There are several bad aspects to using the web, I am sure it’s not new to you and not my place to state that this is an issue. If you have ever set up a WordPress naively and avoided adding any security measures, you may have found that you have loads of visitors and no seeming interaction, apart from a mass amount of spam comments on your posts. Well, this is one aspect of the bad side. These are bots, and sometime real people, trawling to sites looking for a way to add a comment automatically without having to do any checks. One reason Google invent ReCaptcha, was simply this, and thereupon it says “Are you human?” Bots (which are basically automated scripts), can do a lot of things, but one thing they can’t do is tick that ‘humanity’ tick box. So, by having it on your site, it can instantly cut down on those spam commenting bots.

Other negative aspects of web use (especially when images are concerned) are the practices of hotlinking and harvesting. Hotlinking is when a site (could be legit) uses your url link to an image or post, and places it on their site. Many credit scrapping sites actually steal all this image and info data and create fake sites and much of that can be done via hotlinking. Another deployed method and most common, is harvesting. This is literally when a bot or person goes to a site and physically takes all the images off the site and stores them for their own us. This could be to have fake sites to entice credit card sale, or actually using the images to make their own fake counterfeit products at low quality. Much of the shit merchandise you see on Amazon.com and AliExpress.com has been ripped in China (look at chart one above) and manufactured in China at low cost and given the impression it’s the original, due to this harvesting of information and mock-ups, etc.

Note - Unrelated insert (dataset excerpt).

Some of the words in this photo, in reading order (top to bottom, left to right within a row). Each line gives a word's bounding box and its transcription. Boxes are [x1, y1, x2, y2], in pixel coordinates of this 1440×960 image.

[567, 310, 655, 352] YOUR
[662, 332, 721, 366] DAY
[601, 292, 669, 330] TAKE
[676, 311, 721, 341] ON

For a long time there wasn’t much you can do about it, but now Project HoneyPot has created a pretty good mass solution. What HoneyPot is, is giving a fake piece of information on your webpage that a bot is searching for. When it hits that blank form field, baited URL or whatever (especially on mass) then it will be blocked, or added to a blacklist, or given the impression that the page doesn’t exist; like a 404 page or 503 page. now, if you a re good programmer, this implementation is relatively simple. If, like me, you are a creative and not a programmer, then the solution is harder. Luckily someone has created a WordPress plugin that aids in the setup: HoneyPot Toolkit by Jeff Sterup.

You can download from the WordPress repository of plugins via the Add New plugin interface. After that there is a little setup to do, as you will need to create an account at Project HoneyPot, but basically if you do it methodically it can be done in 30 minutes. Once the plugin has been setup then all that needs to be done is a link to the file downloaded from Project HoneyPot is needed. I have a mass amount of pages, and products and so I used Bulk Edit Pro for the products to place the “HoneyPot” data in my files.

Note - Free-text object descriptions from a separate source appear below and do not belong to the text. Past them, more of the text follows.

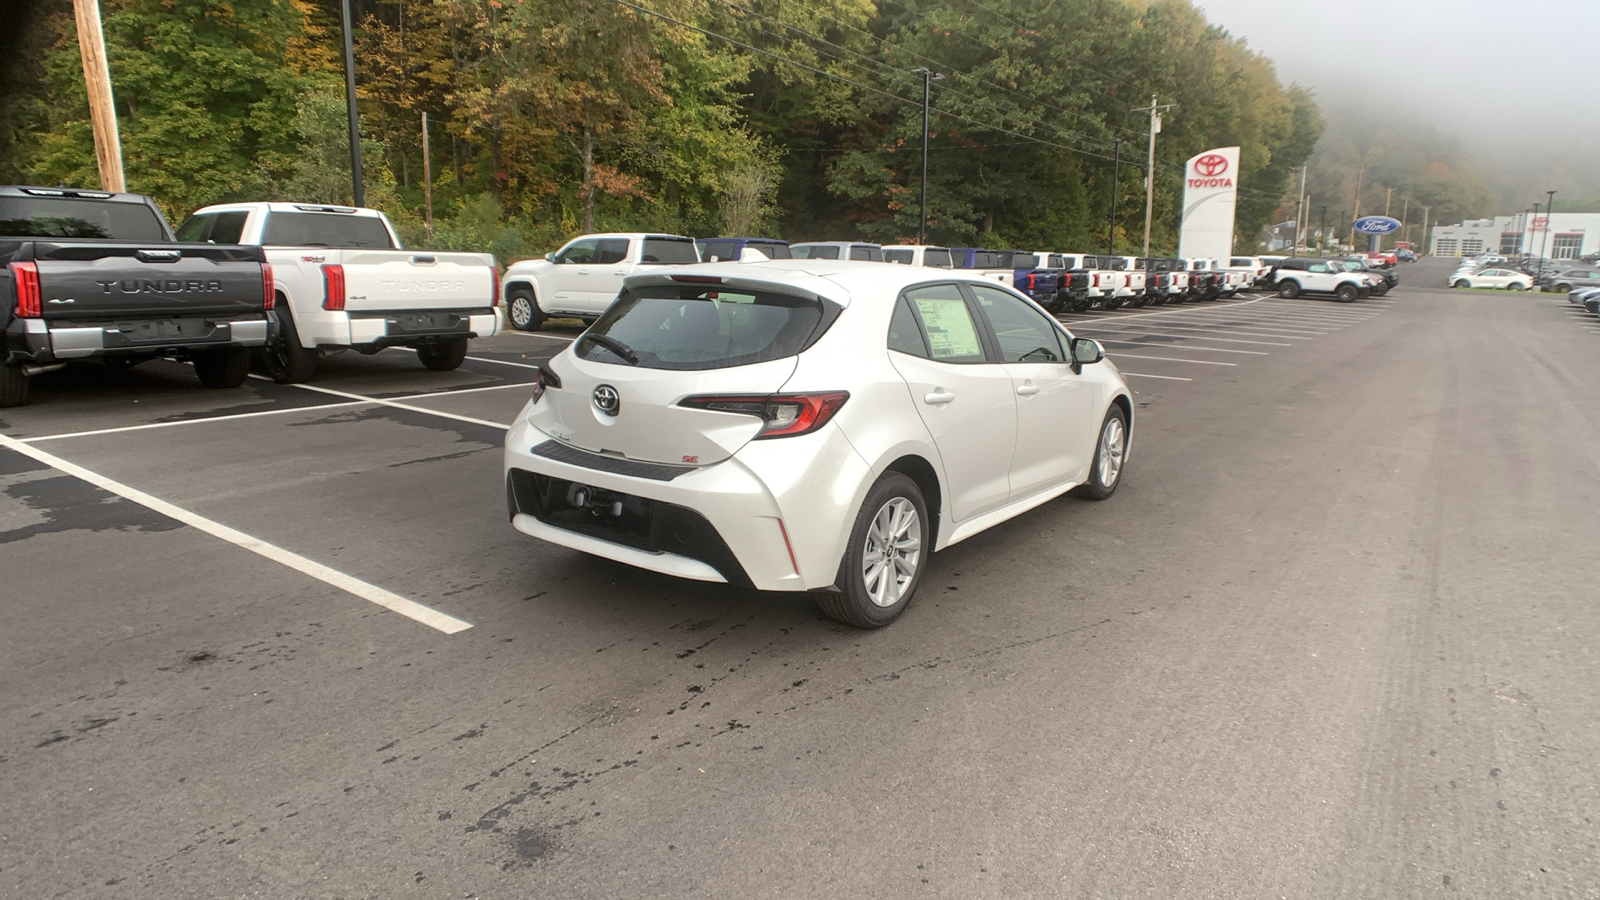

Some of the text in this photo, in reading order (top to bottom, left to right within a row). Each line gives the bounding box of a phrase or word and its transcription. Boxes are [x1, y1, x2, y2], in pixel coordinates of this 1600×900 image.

[1187, 178, 1232, 187] TOYOTA
[1362, 220, 1391, 231] Ford
[95, 279, 224, 294] TUNDRA
[380, 280, 466, 292] TUNDRA
[681, 455, 699, 463] SE

What this now means is my site is trying to block harvesters and spammers. With the additional tick of the SPAMCOP option, a double barrier is created and any of the requirements for blacklisting are met, they will be added to the database and banned from your site.

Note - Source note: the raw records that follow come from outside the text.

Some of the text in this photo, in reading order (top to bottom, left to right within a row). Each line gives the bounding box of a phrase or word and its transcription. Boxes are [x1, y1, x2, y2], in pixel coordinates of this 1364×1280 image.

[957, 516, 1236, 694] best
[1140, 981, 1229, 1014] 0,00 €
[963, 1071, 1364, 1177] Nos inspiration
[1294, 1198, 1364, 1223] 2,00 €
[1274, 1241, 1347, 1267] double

It is probably a case that there are work arounds and ways to trick this, but it’s another weapon in your armoury to help combat this very destructive activity. Especially as a creative who has many images that are desired by these thieves and counterfeiters, then it is a very good solution. Since I installed the HoneyPot my Wordfence activity on Failed Logins, Blocked Countries and Blocked Its has dropped significantly. This is because they are stopped even before they get to this threshold. The next issue is to convince POD sites to add HoneyPot coding to avoid my art to be grabbed from their sites. I am seriously considering whether to actually avoid uploading to sites that don’t have these types of protection. It is not a hard thing to employ and the simple fact that a Whitelist option is available to allow the IPs that can hotline to the image for site.